## [ACTIVITY]
In the entries that follow, locate the line with "Some of the text", then restate that line and all later lines exactly as they appear, leaving pictures out.
STORED DATA Start Marker
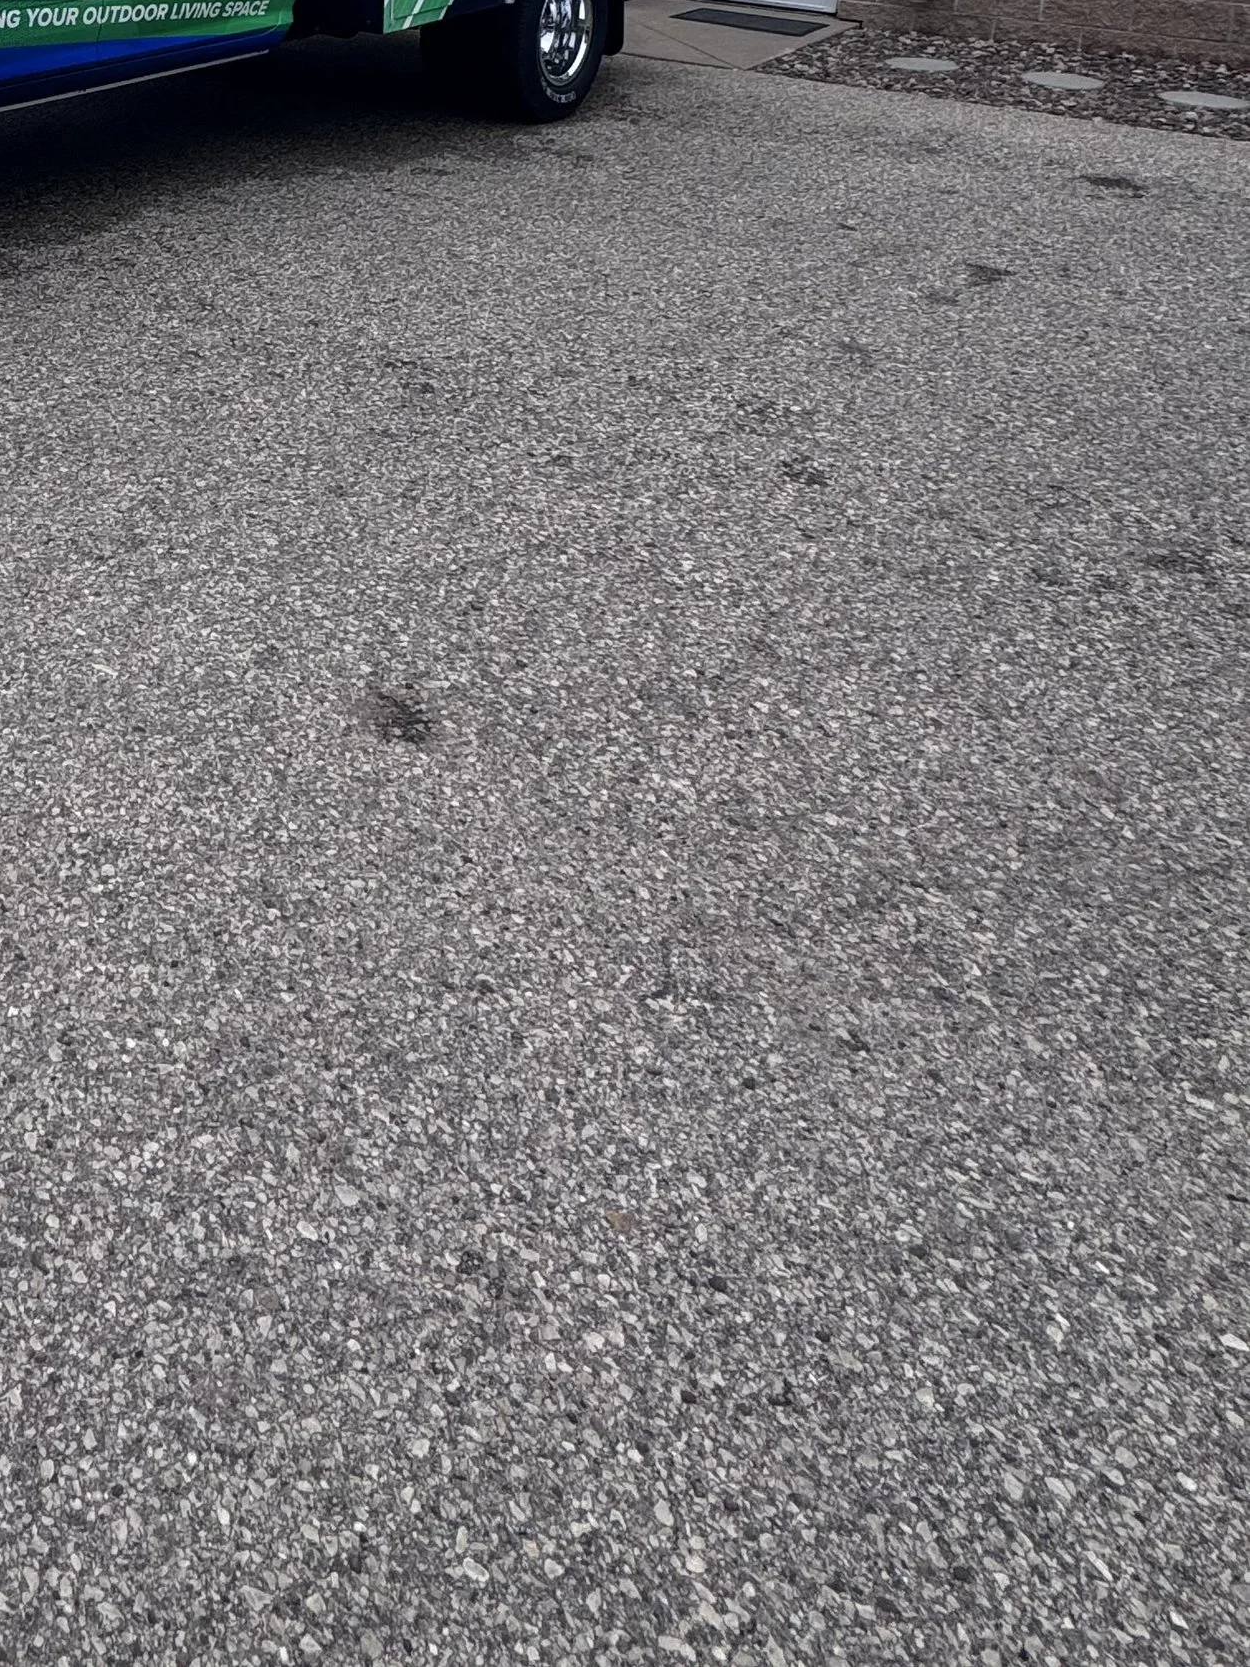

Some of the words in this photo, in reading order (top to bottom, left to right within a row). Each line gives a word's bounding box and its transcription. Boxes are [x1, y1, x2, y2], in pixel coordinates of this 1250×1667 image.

[26, 7, 80, 26] YOUR
[82, 3, 169, 26] OUTDOOR
[170, 3, 222, 20] LIVING
[222, 0, 270, 18] SPACE
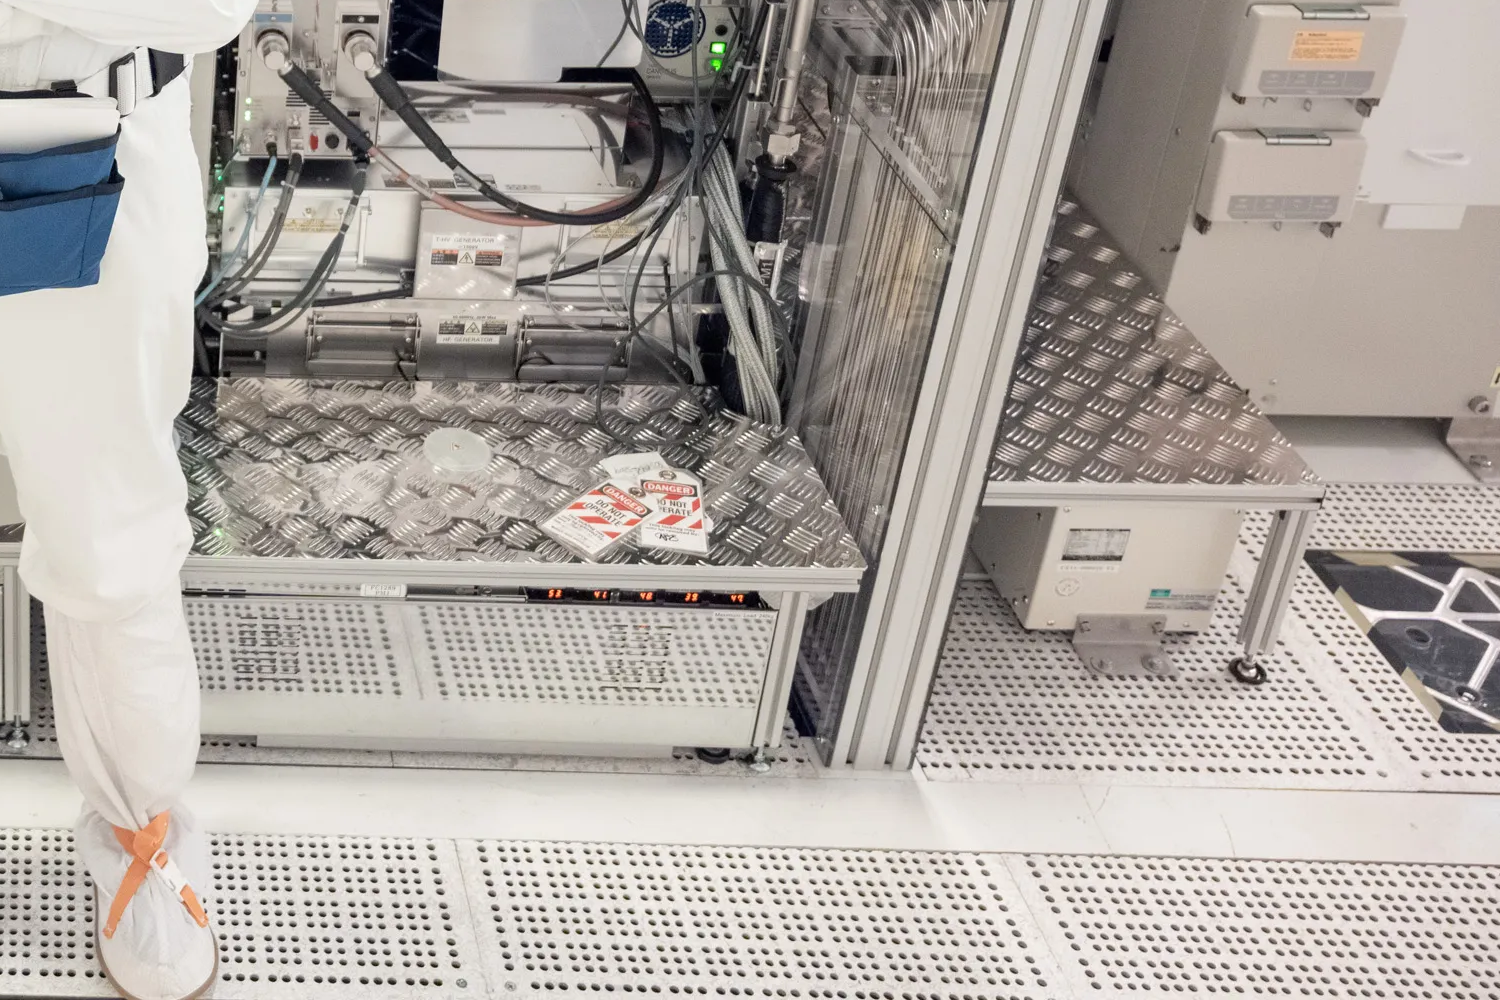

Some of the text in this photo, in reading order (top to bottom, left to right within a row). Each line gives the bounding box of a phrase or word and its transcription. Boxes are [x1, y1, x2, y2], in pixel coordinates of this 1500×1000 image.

[760, 262, 773, 287] PM1
[648, 482, 691, 495] DANGER
[595, 499, 627, 520] DO NOT
[605, 488, 645, 514] DANGER
[670, 500, 687, 509] NOT
[585, 502, 624, 528] OPERATE
[659, 507, 693, 517] ERATE
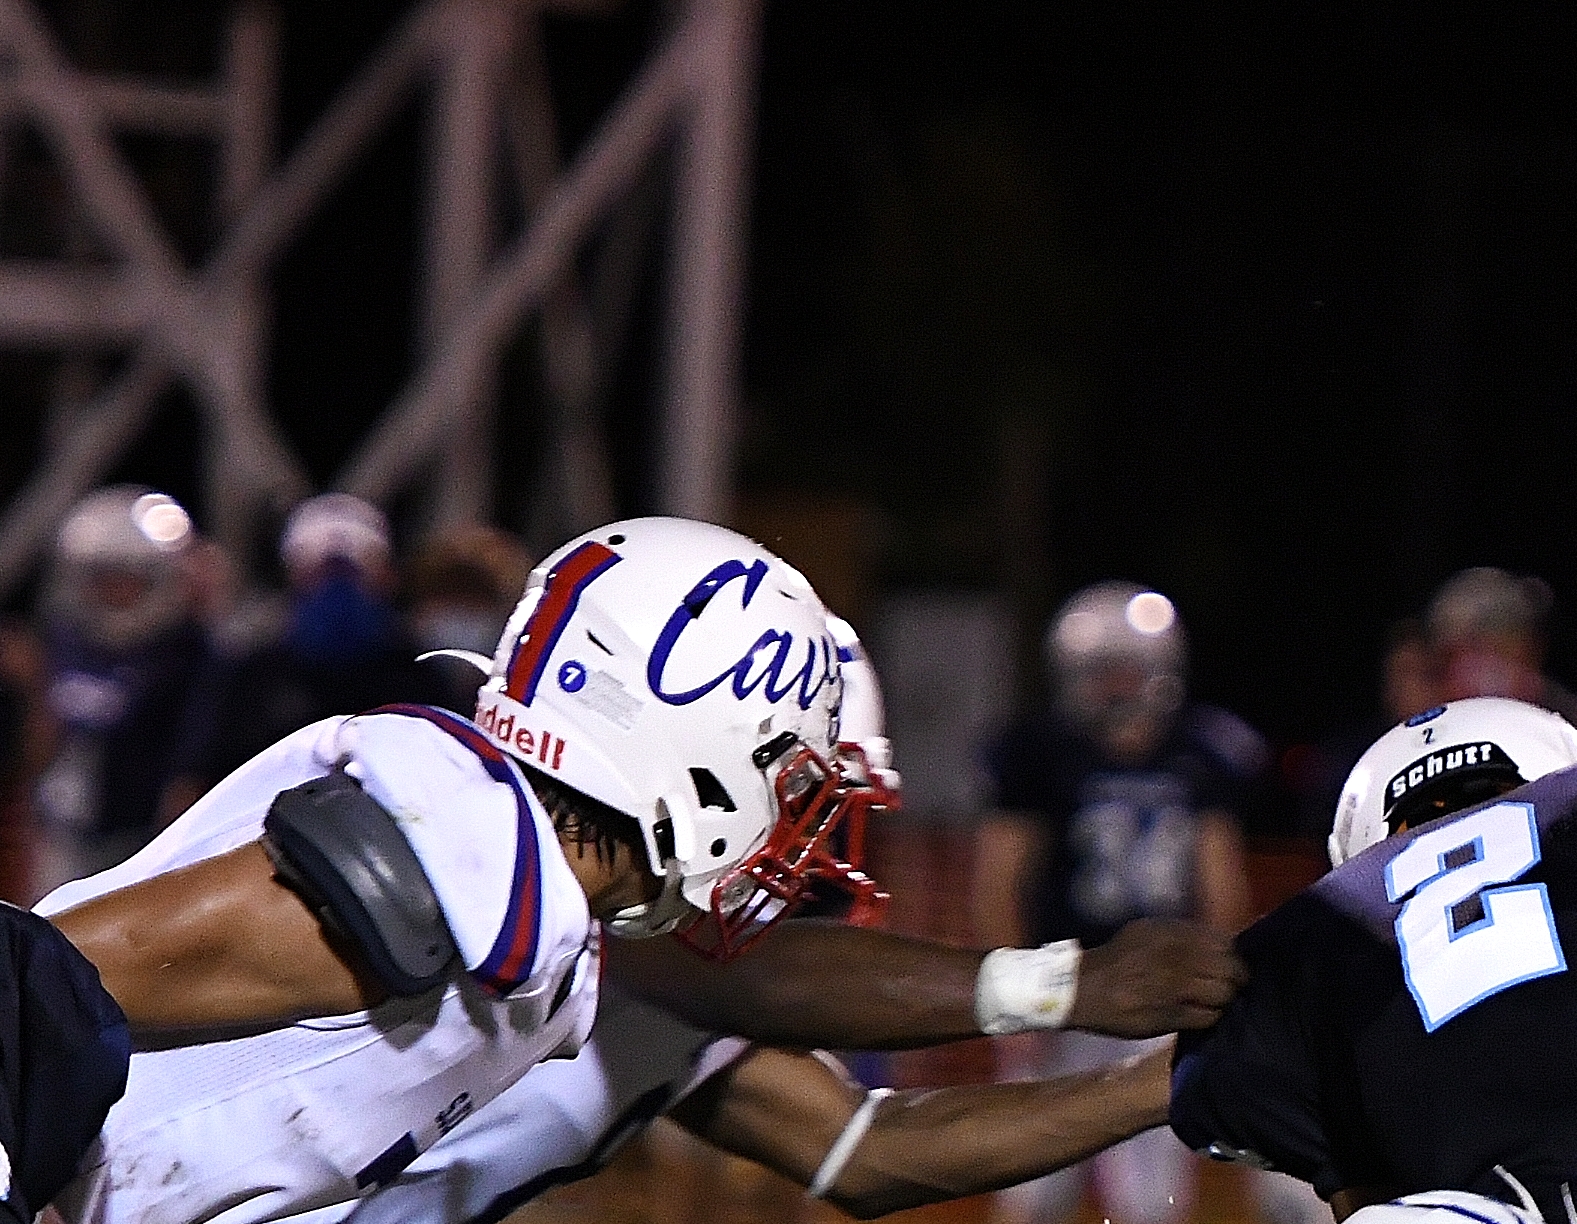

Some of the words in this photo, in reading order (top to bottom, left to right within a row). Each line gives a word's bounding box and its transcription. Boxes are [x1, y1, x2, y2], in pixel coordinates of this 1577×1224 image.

[563, 666, 582, 685] 7
[1422, 727, 1435, 745] 2
[1385, 800, 1569, 1034] 2
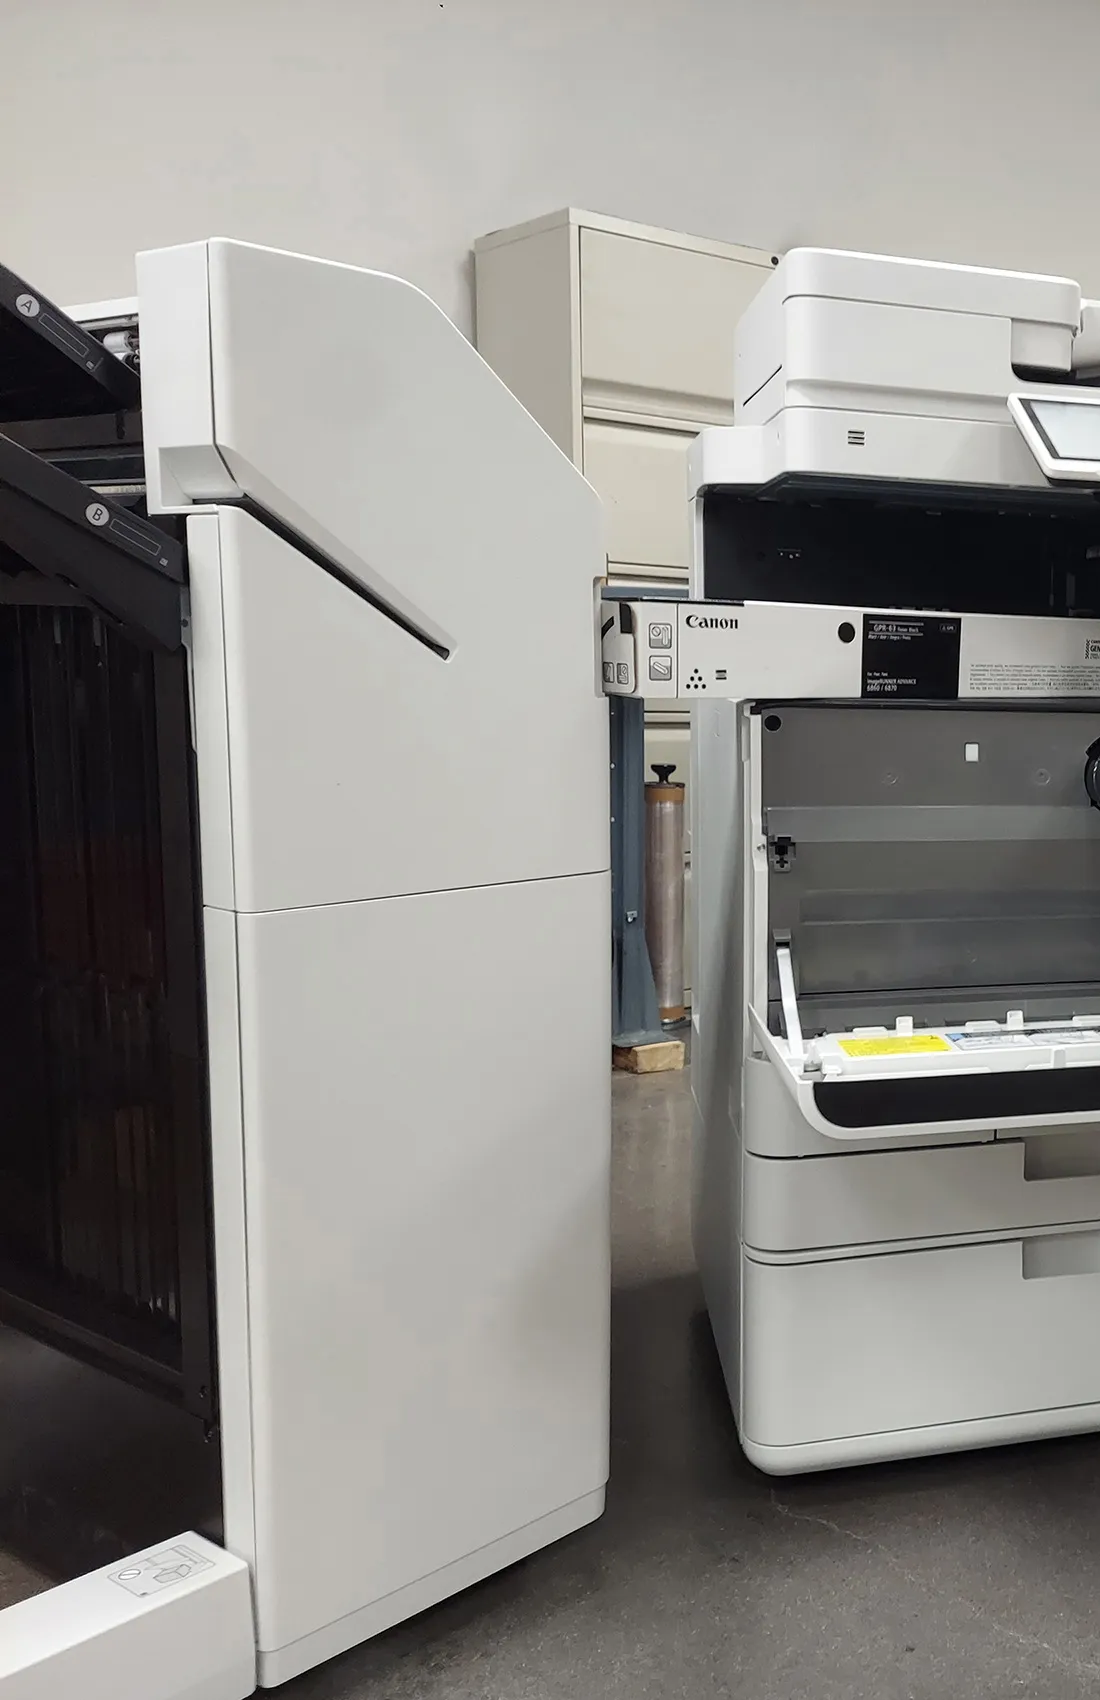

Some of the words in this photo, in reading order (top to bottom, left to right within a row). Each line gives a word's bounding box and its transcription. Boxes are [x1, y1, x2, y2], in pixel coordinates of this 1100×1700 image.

[20, 299, 33, 313] A
[92, 508, 104, 521] B
[685, 614, 739, 629] Canon
STORED DATA End Marker
## [REPLY]
Some of the text in this photo, in reading order (top to bottom, left to right within a row). Each line gives the bounding box of a phrase or word and its transcription. Boxes are [x1, y1, x2, y2], in pixel coordinates of this 1500×1000 image.

[760, 262, 773, 287] PM1
[648, 482, 691, 495] DANGER
[595, 499, 627, 520] DO NOT
[605, 488, 645, 514] DANGER
[670, 500, 687, 509] NOT
[585, 502, 624, 528] OPERATE
[659, 507, 693, 517] ERATE

Some of the words in this photo, in reading order (top to bottom, left to right within a row). Each line gives a word's bounding box and its transcription. Boxes are [x1, y1, x2, y2], in pixel coordinates of this 1577×1224 image.

[563, 666, 582, 685] 7
[1422, 727, 1435, 745] 2
[1385, 800, 1569, 1034] 2

Some of the words in this photo, in reading order (top to bottom, left to right within a row). Each line gives a word's bounding box and its transcription. Boxes are [x1, y1, x2, y2], in pixel coordinates of this 1100×1700 image.

[20, 299, 33, 313] A
[92, 508, 104, 521] B
[685, 614, 739, 629] Canon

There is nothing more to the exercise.